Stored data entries
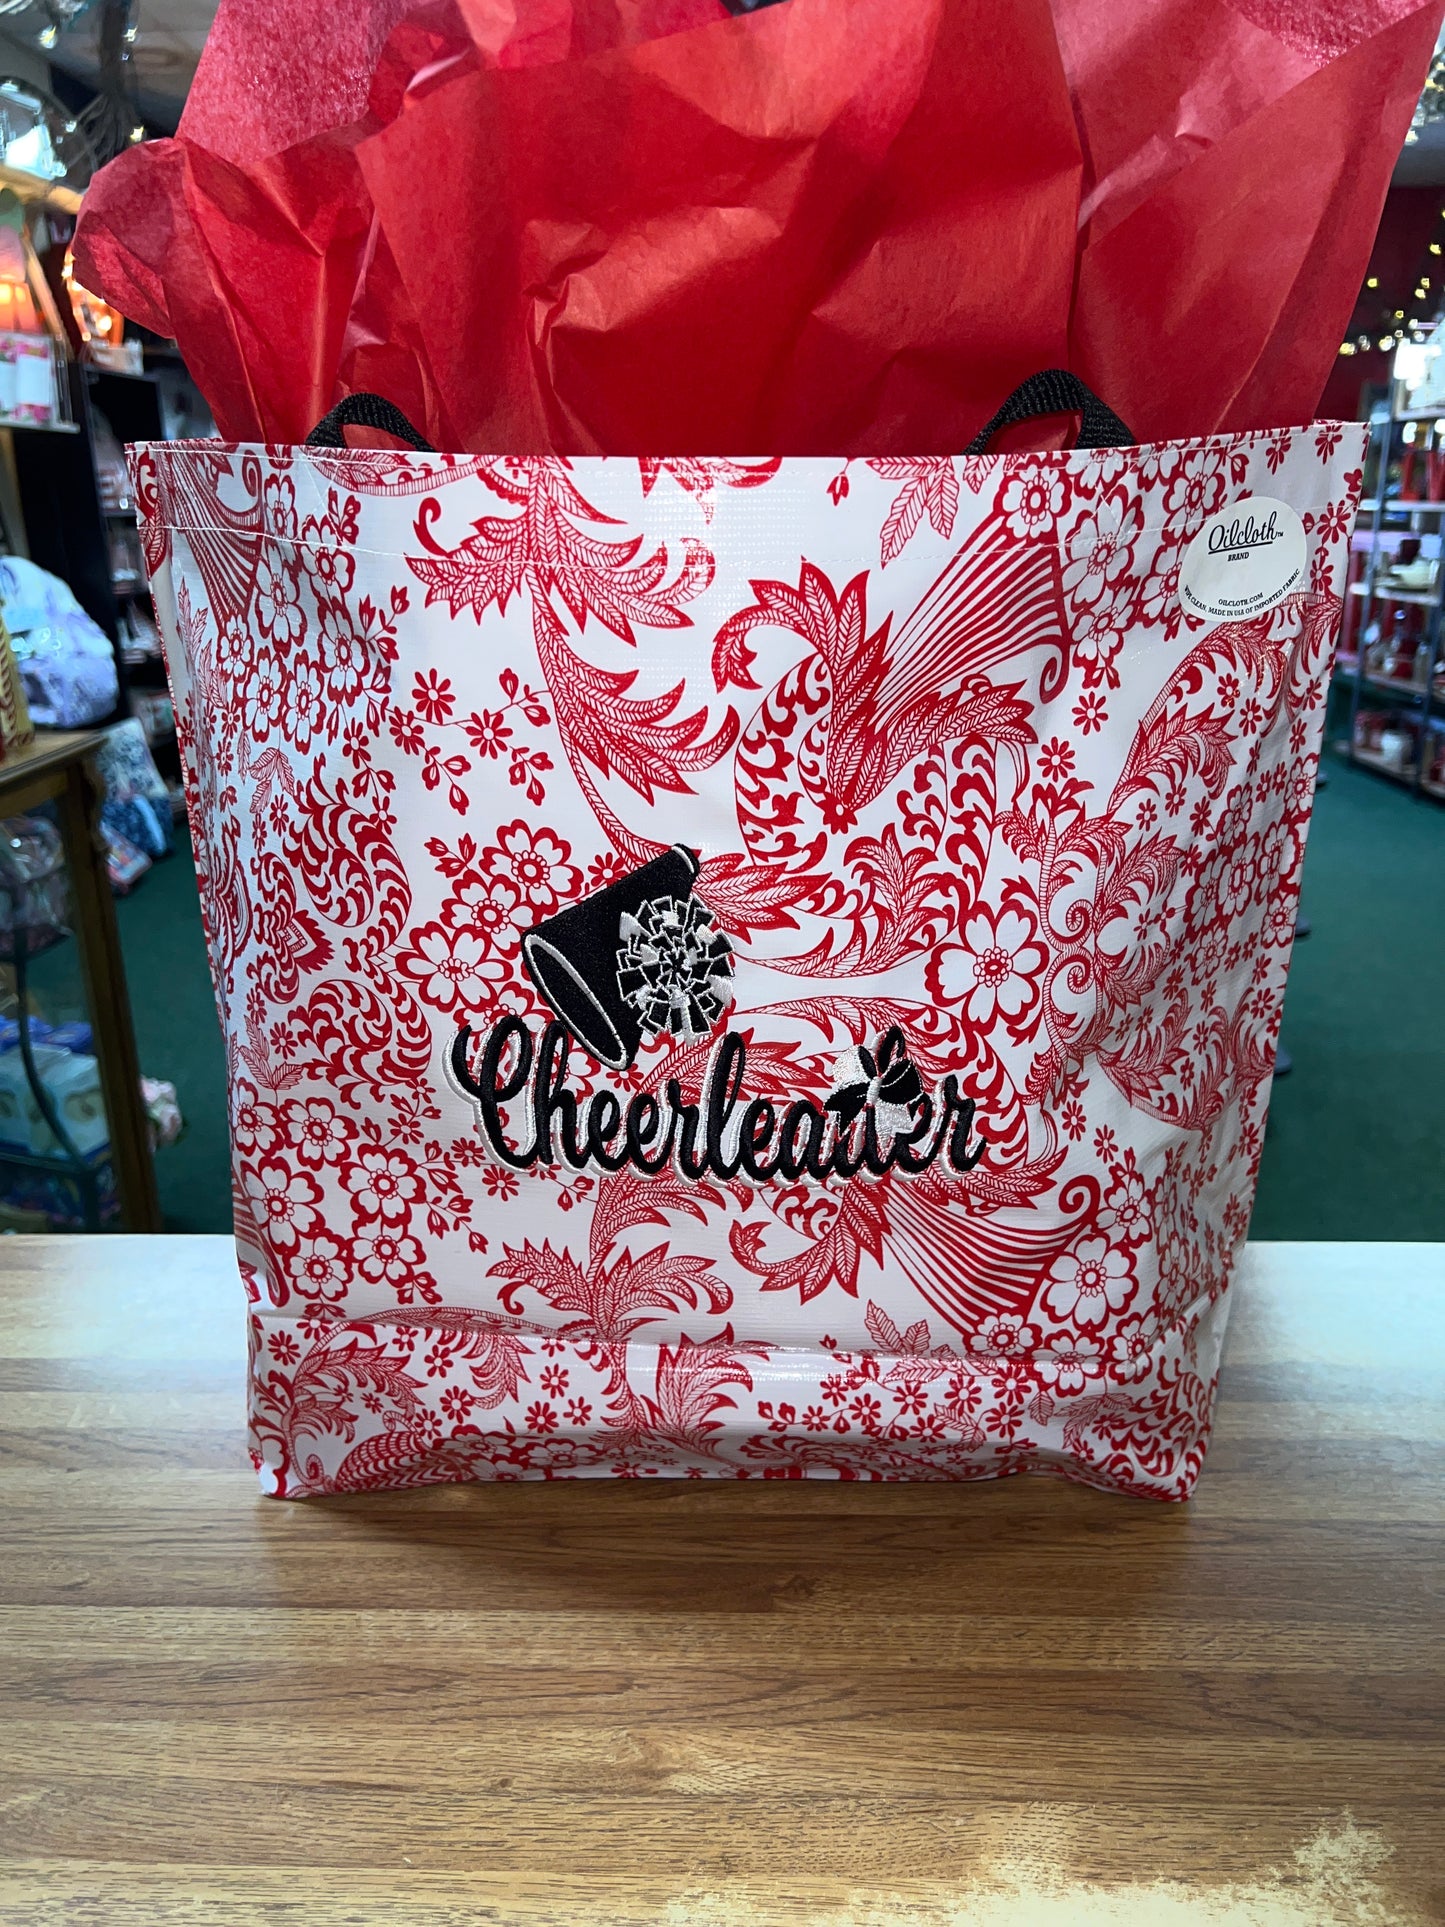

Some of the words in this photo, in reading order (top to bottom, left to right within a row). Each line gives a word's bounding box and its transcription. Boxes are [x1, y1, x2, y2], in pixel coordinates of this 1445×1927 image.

[1227, 552, 1250, 562] BRAND
[1208, 607, 1225, 616] MADE
[1254, 589, 1283, 611] IMPORTED
[1282, 568, 1300, 592] FABRIC
[1218, 592, 1264, 607] OILCLOTH.COM
[443, 1015, 988, 1187] Cheerleader
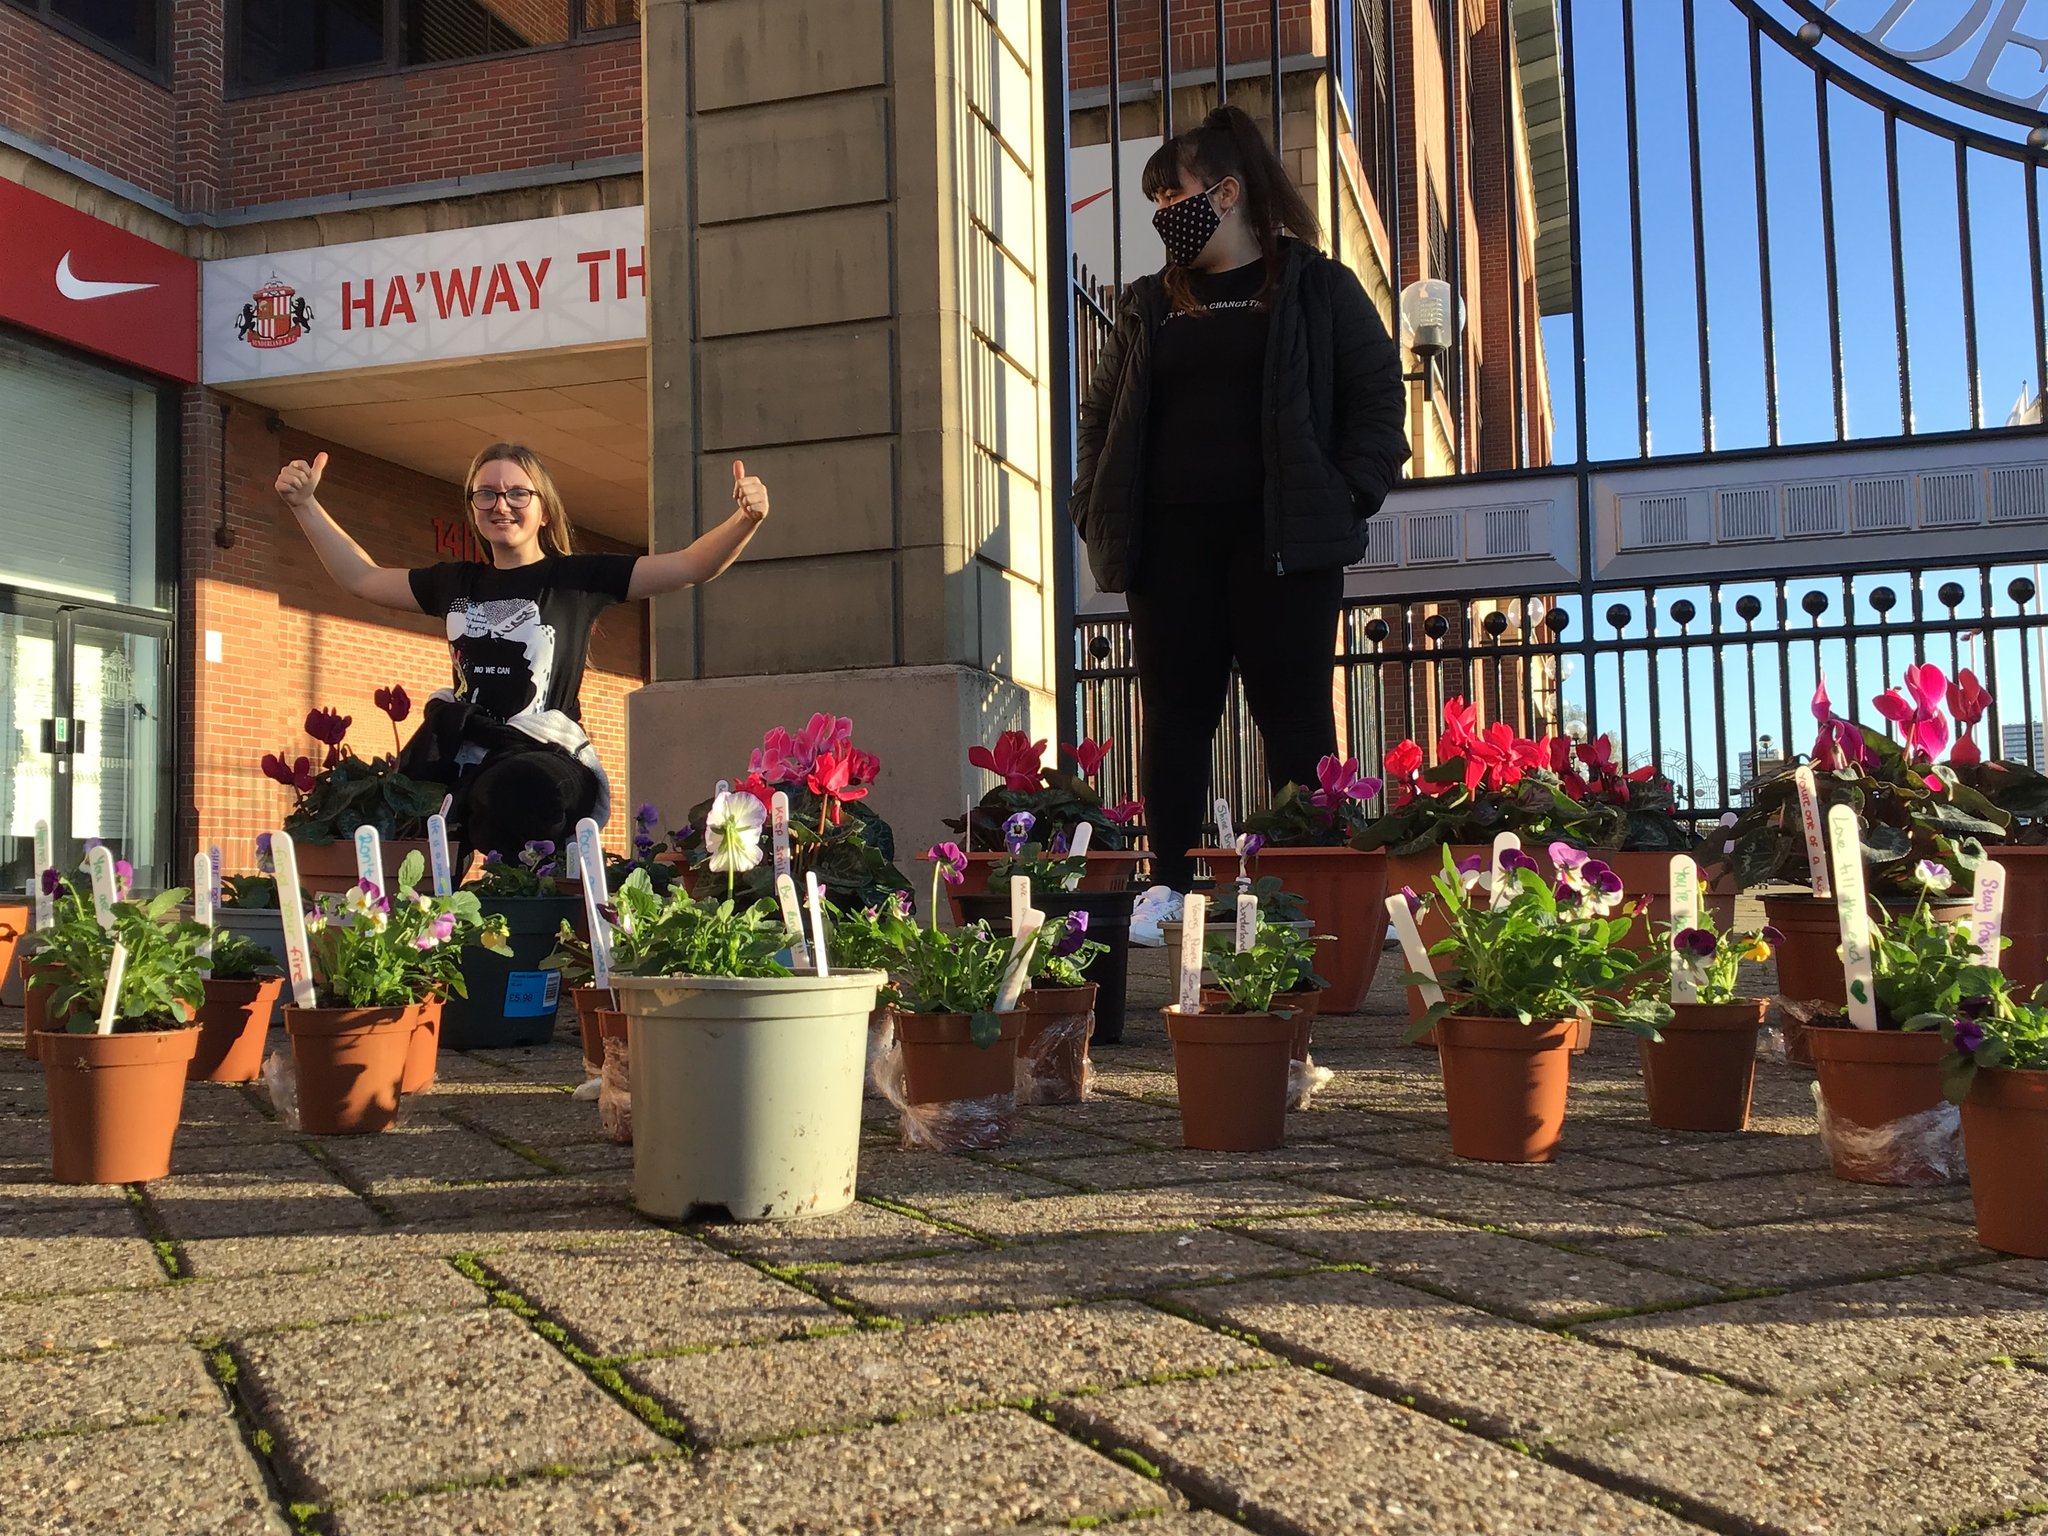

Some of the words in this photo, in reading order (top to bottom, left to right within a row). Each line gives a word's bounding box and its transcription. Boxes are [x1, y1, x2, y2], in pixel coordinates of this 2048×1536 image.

[341, 257, 552, 331] HA'WAY
[1208, 300, 1248, 310] CHANGE
[485, 666, 496, 674] WE
[496, 666, 511, 675] CAN
[1832, 817, 1849, 854] Love
[1842, 896, 1857, 923] the
[1974, 879, 1998, 913] Stay
[1239, 901, 1254, 952] Sunderland
[286, 946, 304, 983] fire
[1846, 930, 1865, 965] end
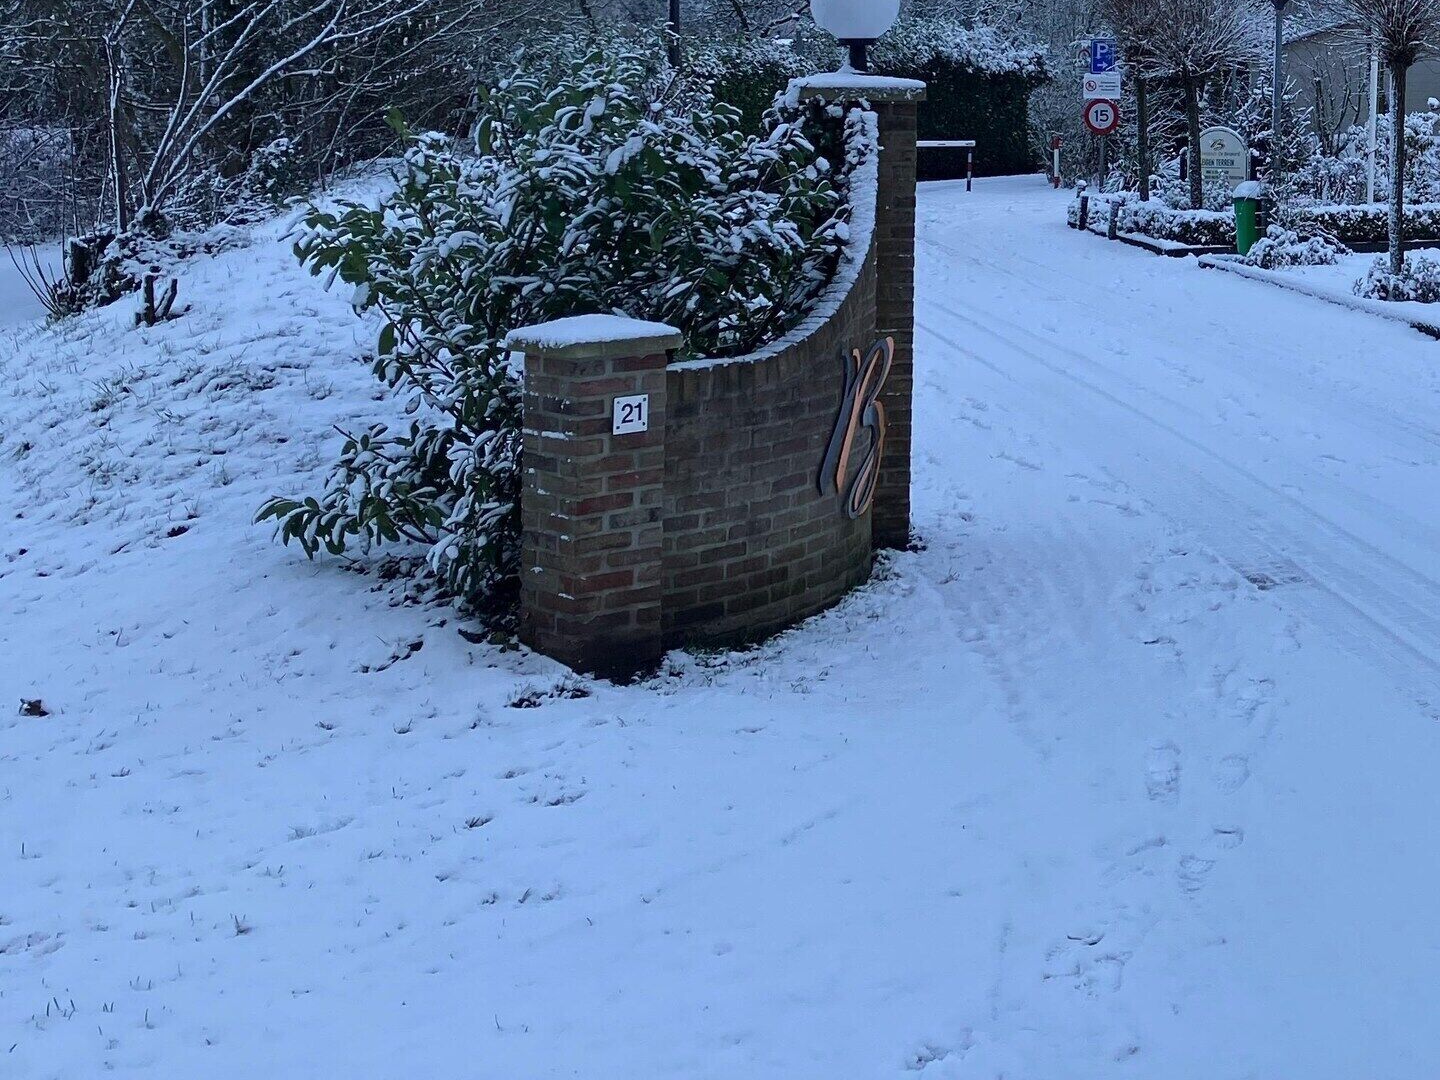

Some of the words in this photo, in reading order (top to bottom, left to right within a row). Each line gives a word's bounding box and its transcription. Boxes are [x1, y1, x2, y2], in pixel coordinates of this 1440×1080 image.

* _Aim of the exercise_: Before duplicating, set the pictures aside; then output exactly the lines from the one with "this 2048×1536 image." through the end of the records, and only those.

* _Result of this task_:
Some of the words in this photo, in reading order (top to bottom, left to right within a row). Each line gives a word's bounding box and its transcription. Boxes are [x1, y1, x2, y2], in pixel coordinates of this 2048×1536 image.

[341, 257, 552, 331] HA'WAY
[1208, 300, 1248, 310] CHANGE
[485, 666, 496, 674] WE
[496, 666, 511, 675] CAN
[1832, 817, 1849, 854] Love
[1842, 896, 1857, 923] the
[1974, 879, 1998, 913] Stay
[1239, 901, 1254, 952] Sunderland
[286, 946, 304, 983] fire
[1846, 930, 1865, 965] end

Some of the words in this photo, in reading order (top to bottom, left to right within a row). Each line gives a word's bounding box and its transcription. Boxes are [x1, y1, x2, y2], in pixel coordinates of this 1440×1080 image.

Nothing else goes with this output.